Exercise details:
Every entry below should be written out again exactly.

BEGIN Exercise data

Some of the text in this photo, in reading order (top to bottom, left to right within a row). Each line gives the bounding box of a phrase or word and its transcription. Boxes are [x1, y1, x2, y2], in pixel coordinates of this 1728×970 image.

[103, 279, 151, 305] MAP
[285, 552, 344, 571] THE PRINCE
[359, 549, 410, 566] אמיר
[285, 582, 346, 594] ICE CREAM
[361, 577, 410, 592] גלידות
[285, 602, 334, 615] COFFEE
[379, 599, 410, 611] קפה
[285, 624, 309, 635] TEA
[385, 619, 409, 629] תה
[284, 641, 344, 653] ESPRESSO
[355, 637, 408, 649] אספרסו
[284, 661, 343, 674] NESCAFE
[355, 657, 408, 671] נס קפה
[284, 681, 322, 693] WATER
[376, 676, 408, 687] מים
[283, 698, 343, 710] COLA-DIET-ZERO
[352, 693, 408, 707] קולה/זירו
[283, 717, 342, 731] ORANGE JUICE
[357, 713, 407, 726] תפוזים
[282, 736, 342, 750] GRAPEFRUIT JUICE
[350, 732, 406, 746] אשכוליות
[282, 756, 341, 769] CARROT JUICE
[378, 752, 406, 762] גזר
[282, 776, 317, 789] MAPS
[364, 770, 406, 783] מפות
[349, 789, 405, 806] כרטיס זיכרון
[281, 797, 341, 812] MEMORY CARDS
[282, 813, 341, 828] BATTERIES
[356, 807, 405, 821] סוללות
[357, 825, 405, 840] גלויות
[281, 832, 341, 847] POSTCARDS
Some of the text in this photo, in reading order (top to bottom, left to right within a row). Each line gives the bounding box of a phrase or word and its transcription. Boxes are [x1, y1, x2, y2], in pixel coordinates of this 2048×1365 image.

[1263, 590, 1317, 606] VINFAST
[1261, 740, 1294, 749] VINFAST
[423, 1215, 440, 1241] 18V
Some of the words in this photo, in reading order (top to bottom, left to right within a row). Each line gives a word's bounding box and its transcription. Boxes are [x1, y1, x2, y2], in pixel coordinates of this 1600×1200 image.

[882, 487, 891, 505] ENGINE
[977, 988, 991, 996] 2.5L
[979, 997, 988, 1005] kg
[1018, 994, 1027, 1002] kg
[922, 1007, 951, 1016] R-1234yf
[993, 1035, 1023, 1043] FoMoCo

END Exercise data

Answer section:
Some of the text in this photo, in reading order (top to bottom, left to right within a row). Each line gives the bounding box of a phrase or word and its transcription. Boxes are [x1, y1, x2, y2], in pixel coordinates of this 1728×970 image.

[103, 279, 151, 305] MAP
[285, 552, 344, 571] THE PRINCE
[359, 549, 410, 566] אמיר
[285, 582, 346, 594] ICE CREAM
[361, 577, 410, 592] גלידות
[285, 602, 334, 615] COFFEE
[379, 599, 410, 611] קפה
[285, 624, 309, 635] TEA
[385, 619, 409, 629] תה
[284, 641, 344, 653] ESPRESSO
[355, 637, 408, 649] אספרסו
[284, 661, 343, 674] NESCAFE
[355, 657, 408, 671] נס קפה
[284, 681, 322, 693] WATER
[376, 676, 408, 687] מים
[283, 698, 343, 710] COLA-DIET-ZERO
[352, 693, 408, 707] קולה/זירו
[283, 717, 342, 731] ORANGE JUICE
[357, 713, 407, 726] תפוזים
[282, 736, 342, 750] GRAPEFRUIT JUICE
[350, 732, 406, 746] אשכוליות
[282, 756, 341, 769] CARROT JUICE
[378, 752, 406, 762] גזר
[282, 776, 317, 789] MAPS
[364, 770, 406, 783] מפות
[349, 789, 405, 806] כרטיס זיכרון
[281, 797, 341, 812] MEMORY CARDS
[282, 813, 341, 828] BATTERIES
[356, 807, 405, 821] סוללות
[357, 825, 405, 840] גלויות
[281, 832, 341, 847] POSTCARDS
Some of the text in this photo, in reading order (top to bottom, left to right within a row). Each line gives the bounding box of a phrase or word and its transcription. Boxes are [x1, y1, x2, y2], in pixel coordinates of this 2048×1365 image.

[1263, 590, 1317, 606] VINFAST
[1261, 740, 1294, 749] VINFAST
[423, 1215, 440, 1241] 18V
Some of the words in this photo, in reading order (top to bottom, left to right within a row). Each line gives a word's bounding box and its transcription. Boxes are [x1, y1, x2, y2], in pixel coordinates of this 1600×1200 image.

[882, 487, 891, 505] ENGINE
[977, 988, 991, 996] 2.5L
[979, 997, 988, 1005] kg
[1018, 994, 1027, 1002] kg
[922, 1007, 951, 1016] R-1234yf
[993, 1035, 1023, 1043] FoMoCo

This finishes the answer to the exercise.